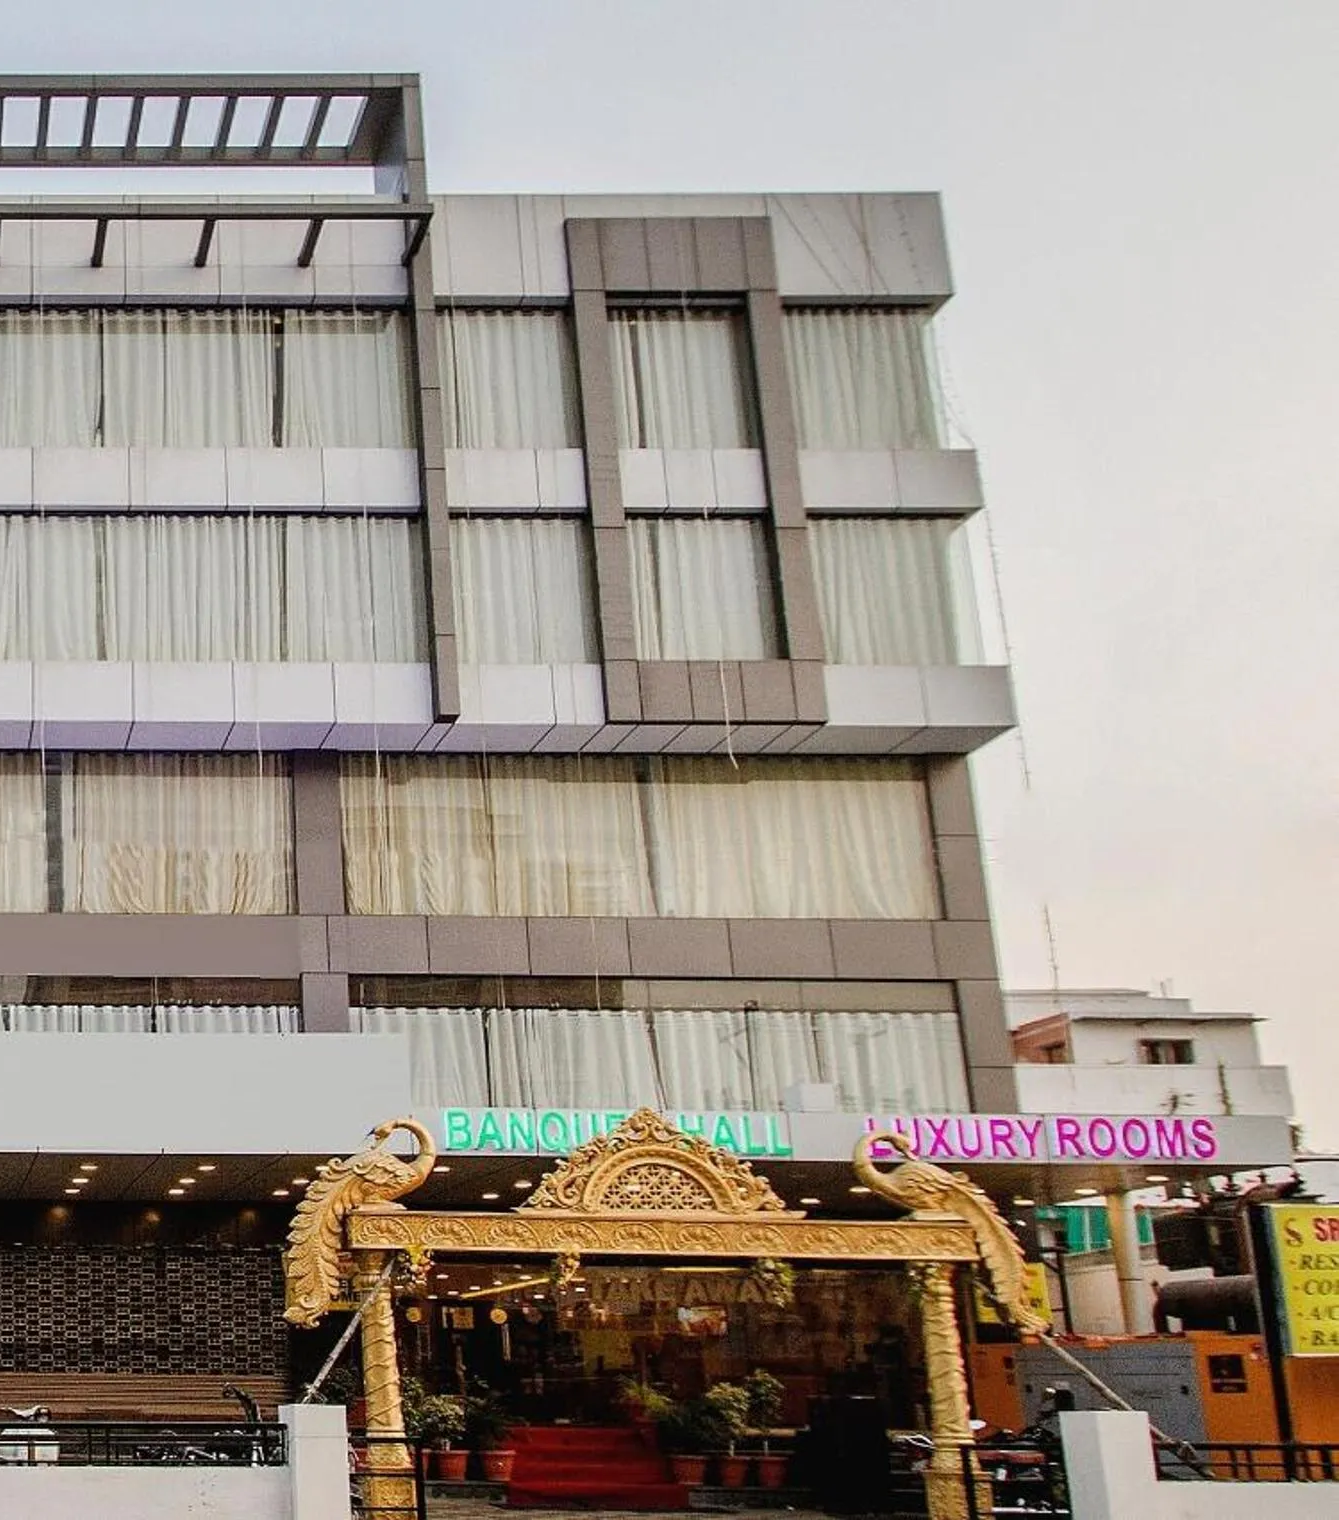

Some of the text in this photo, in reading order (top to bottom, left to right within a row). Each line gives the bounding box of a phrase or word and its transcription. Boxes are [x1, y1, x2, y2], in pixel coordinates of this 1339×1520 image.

[446, 1110, 792, 1156] BANQU HALL
[866, 1117, 1218, 1158] LUXURY ROOMS
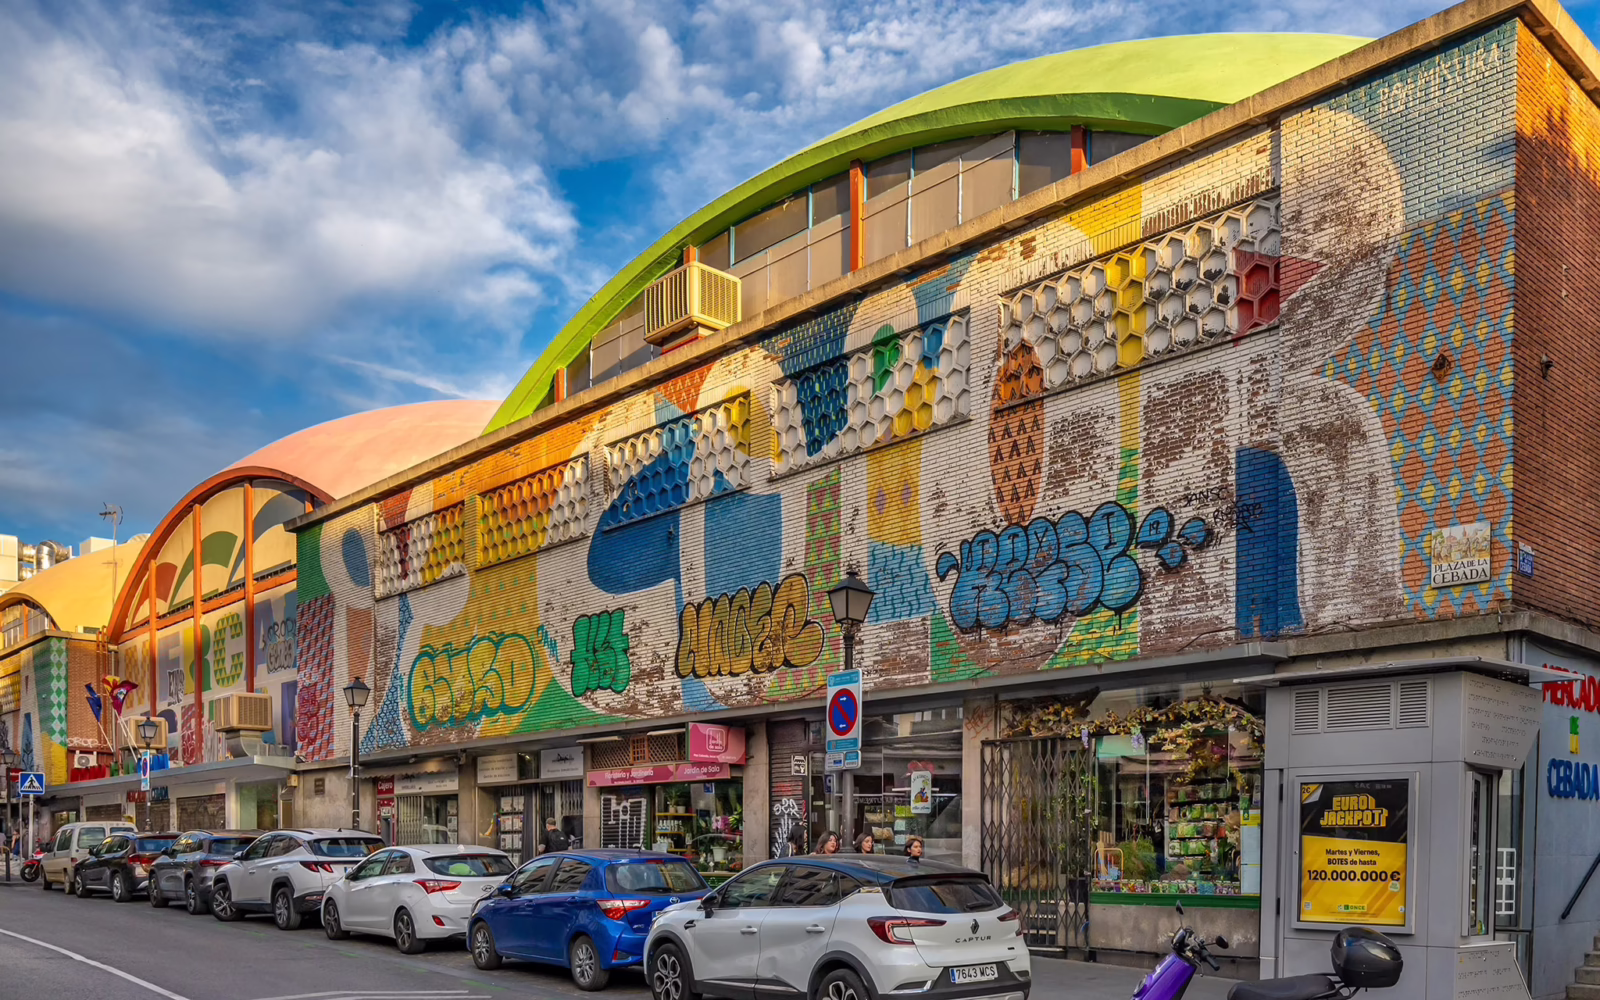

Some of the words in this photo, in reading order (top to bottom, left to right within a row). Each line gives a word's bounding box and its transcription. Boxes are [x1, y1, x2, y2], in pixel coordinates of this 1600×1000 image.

[1434, 561, 1466, 573] PLAZA
[1467, 560, 1476, 568] DE
[1478, 558, 1488, 566] LA
[1433, 568, 1488, 585] CEBADA
[701, 765, 708, 774] de
[708, 764, 720, 773] Sala
[1547, 758, 1600, 800] CEBADA
[377, 781, 393, 792] Cajero
[1333, 794, 1371, 811] EURO
[1320, 810, 1385, 827] JACKPOT
[1353, 849, 1380, 857] Viernes,
[1327, 858, 1348, 866] BOTES
[1350, 858, 1357, 866] de
[1359, 858, 1377, 866] hasta
[955, 935, 992, 943] CAPTUR
[956, 967, 978, 980] 7643
[979, 966, 996, 977] MCS
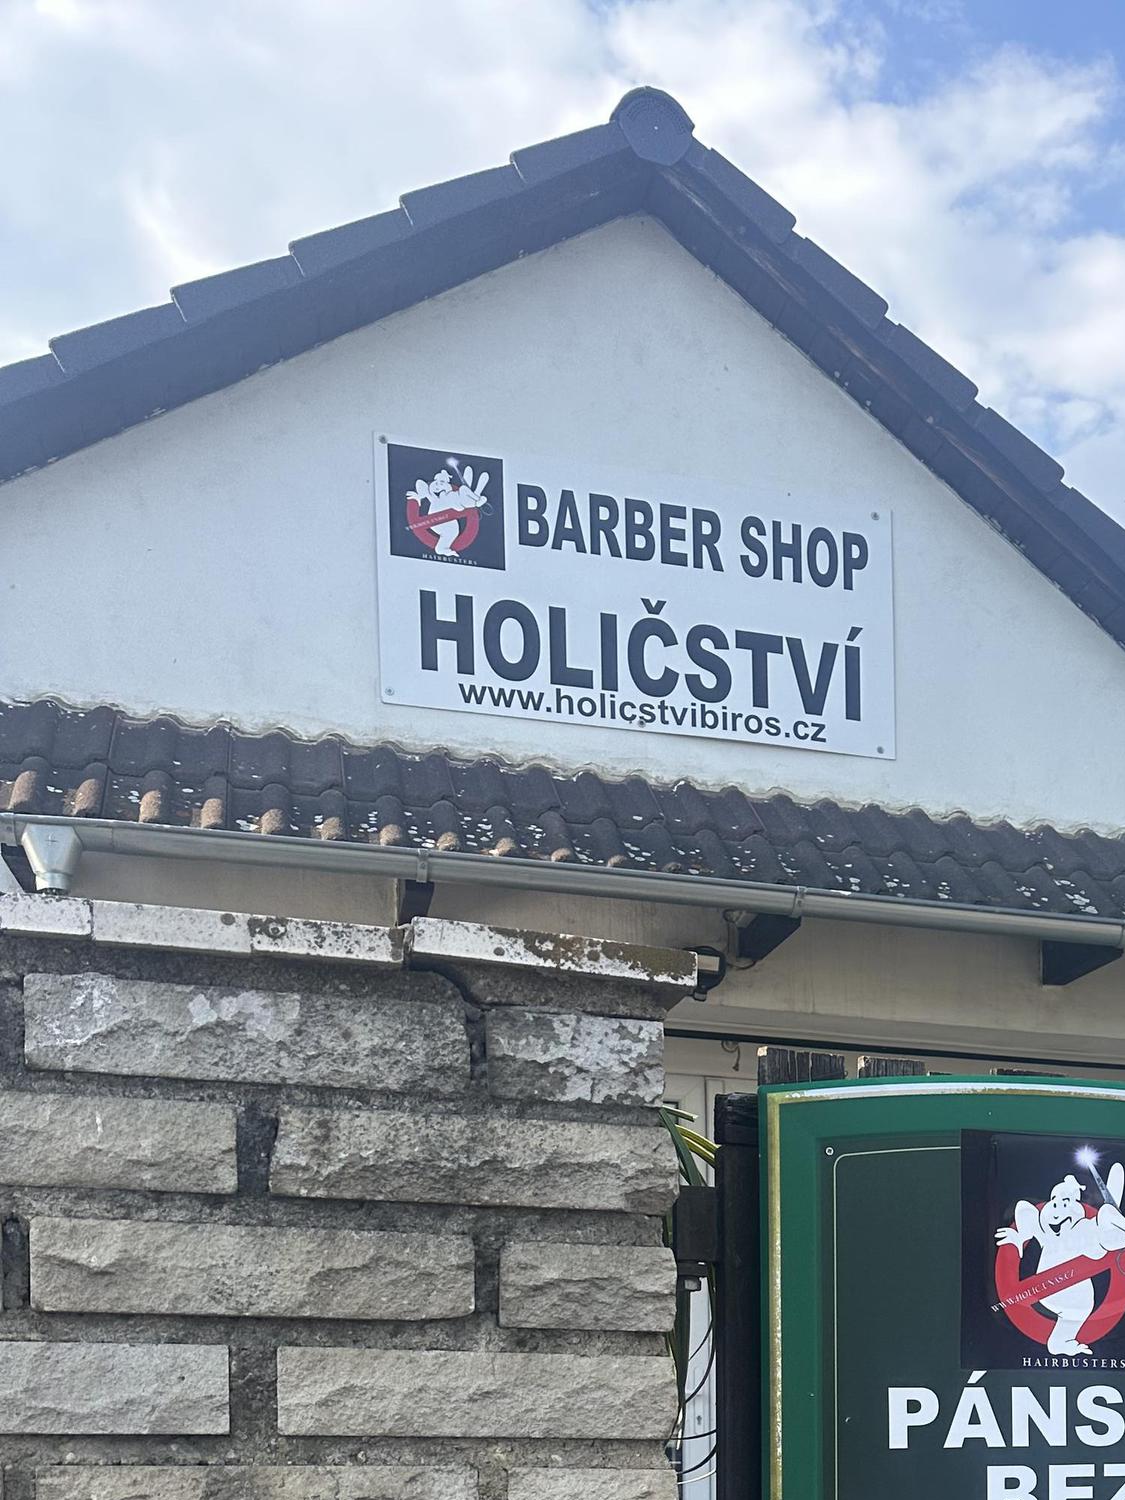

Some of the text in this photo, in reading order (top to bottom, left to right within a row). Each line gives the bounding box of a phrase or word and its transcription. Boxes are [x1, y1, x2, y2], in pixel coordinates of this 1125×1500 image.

[517, 483, 868, 591] BARBER SHOP
[419, 589, 864, 722] HOLIČSTVÍ

[PROMPT] Copy the lines above exactly. Do not include pictures.

[SOLVED EXERCISE]
Some of the text in this photo, in reading order (top to bottom, left to right within a row). Each line gives the bounding box of a phrase or word and its transcription. Boxes are [x1, y1, x2, y2], in pixel coordinates of this 1339×1520 image.

[446, 1110, 792, 1156] BANQU HALL
[866, 1117, 1218, 1158] LUXURY ROOMS

Some of the words in this photo, in reading order (top to bottom, left to right within a row). Each line gives a word's bounding box and its transcription. Boxes are [x1, y1, x2, y2], in pixel coordinates of this 1600×1000 image.

[1434, 561, 1466, 573] PLAZA
[1467, 560, 1476, 568] DE
[1478, 558, 1488, 566] LA
[1433, 568, 1488, 585] CEBADA
[701, 765, 708, 774] de
[708, 764, 720, 773] Sala
[1547, 758, 1600, 800] CEBADA
[377, 781, 393, 792] Cajero
[1333, 794, 1371, 811] EURO
[1320, 810, 1385, 827] JACKPOT
[1353, 849, 1380, 857] Viernes,
[1327, 858, 1348, 866] BOTES
[1350, 858, 1357, 866] de
[1359, 858, 1377, 866] hasta
[955, 935, 992, 943] CAPTUR
[956, 967, 978, 980] 7643
[979, 966, 996, 977] MCS

Some of the text in this photo, in reading order (top to bottom, left to right within a row). Each line gives the bounding box of a phrase or word and its transcription. Boxes are [x1, y1, x2, y2], in pixel coordinates of this 1125×1500 image.

[517, 483, 868, 591] BARBER SHOP
[419, 589, 864, 722] HOLIČSTVÍ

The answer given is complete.